Optimizing memory usage - Pandas/Python

Question

I'm currently working with a data set containing raw text which I should pre-process:

from nltk.corpus import stopwords
from nltk.tokenize import word_tokenize 
from nltk.stem import SnowballStemmer
from nltk.stem.wordnet import WordNetLemmatizer

stop_words = set(stopwords.words('english'))
stemmer = SnowballStemmer('english')
lemma = WordNetLemmatizer()

from autocorrect import spell

for df in [train_df, test_df]:
    df['comment_text'] = df['comment_text'].apply(lambda x: word_tokenize(str(x)))
    df['comment_text'] = df['comment_text'].apply(lambda x: [lemma.lemmatize(spell(word)) for word in x])
    df['comment_text'] = df['comment_text'].apply(lambda x: ' '.join(x))

Including the spell function, however, rises the memory usage til a point that I get a "Memory error". This doesn't happen without the usage of such function. I'm wondering if there is a way to optimize this process keeping the spell function (the data set has lots of misspelled words).

Phil Sheard · Accepted Answer · 2018-02-28 14:08:06Z

2

I haven't got access to your dataframe so this is a bit speculative, but here goes...

DataFrame.apply will run the lambda function on the whole column at once, so it is probably holding the progress in memory. Instead, you could convert the lambda function into a pre-defined function and use DataFrame.map instead, which applies the function element-wise instead.

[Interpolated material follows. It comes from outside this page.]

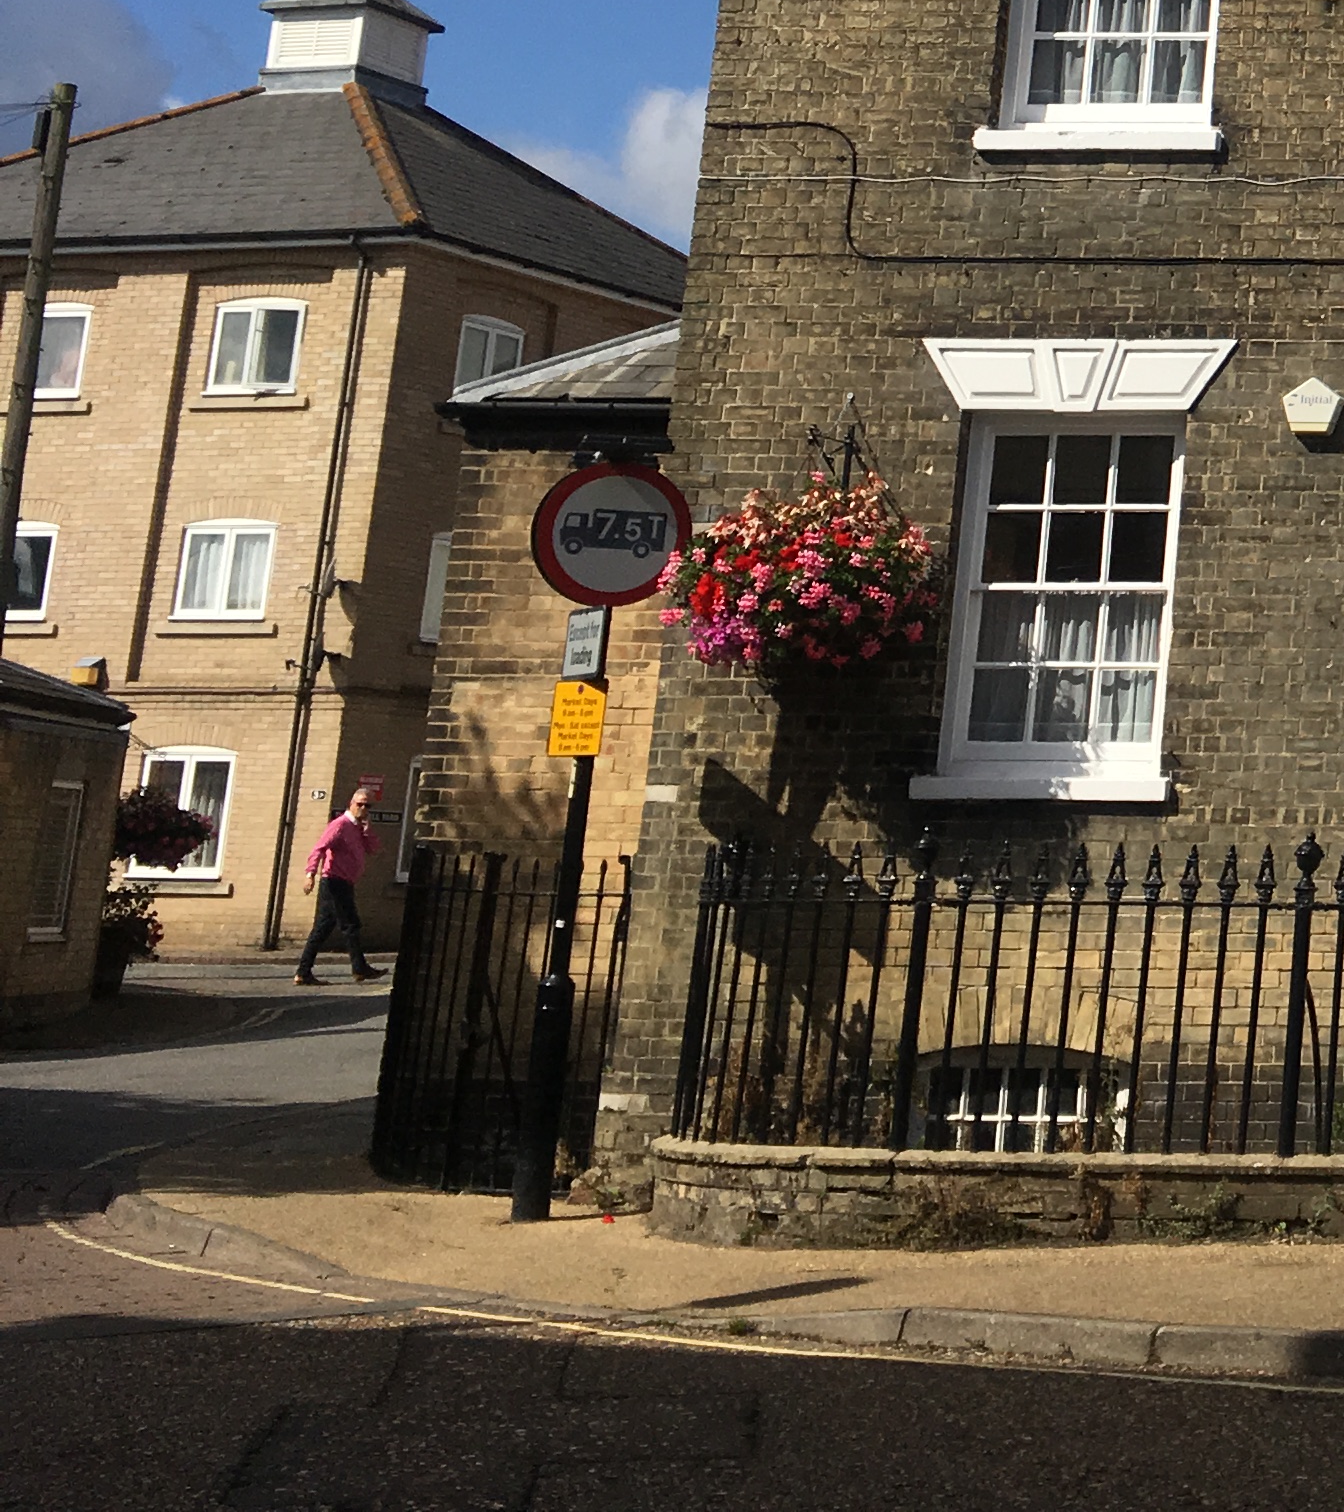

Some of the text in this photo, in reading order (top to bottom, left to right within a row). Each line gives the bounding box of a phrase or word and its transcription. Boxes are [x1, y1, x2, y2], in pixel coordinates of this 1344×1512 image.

def spellcheck_string(input_str):
    return [lemma.lemmatize(spell(word)) for word in x]

for df in [train_df, test_df]:
   # ...
    df['comment_text'] = df['comment_text'].map(spellcheck_string)
   # ...

Could you give this a try and see if it helps?

answered Feb 28, 2018 at 14:08

Phil Sheard

2,1621 gold badge18 silver badges41 bronze badges

Sign up to request clarification or add additional context in comments.

7 Comments

pceccon Over a year ago

Oh great, didn't know about this! I'll try it out! Thank you.

pceccon Over a year ago

The memory is reaching 11 GB again. 13 now. I tried once and my PC froze.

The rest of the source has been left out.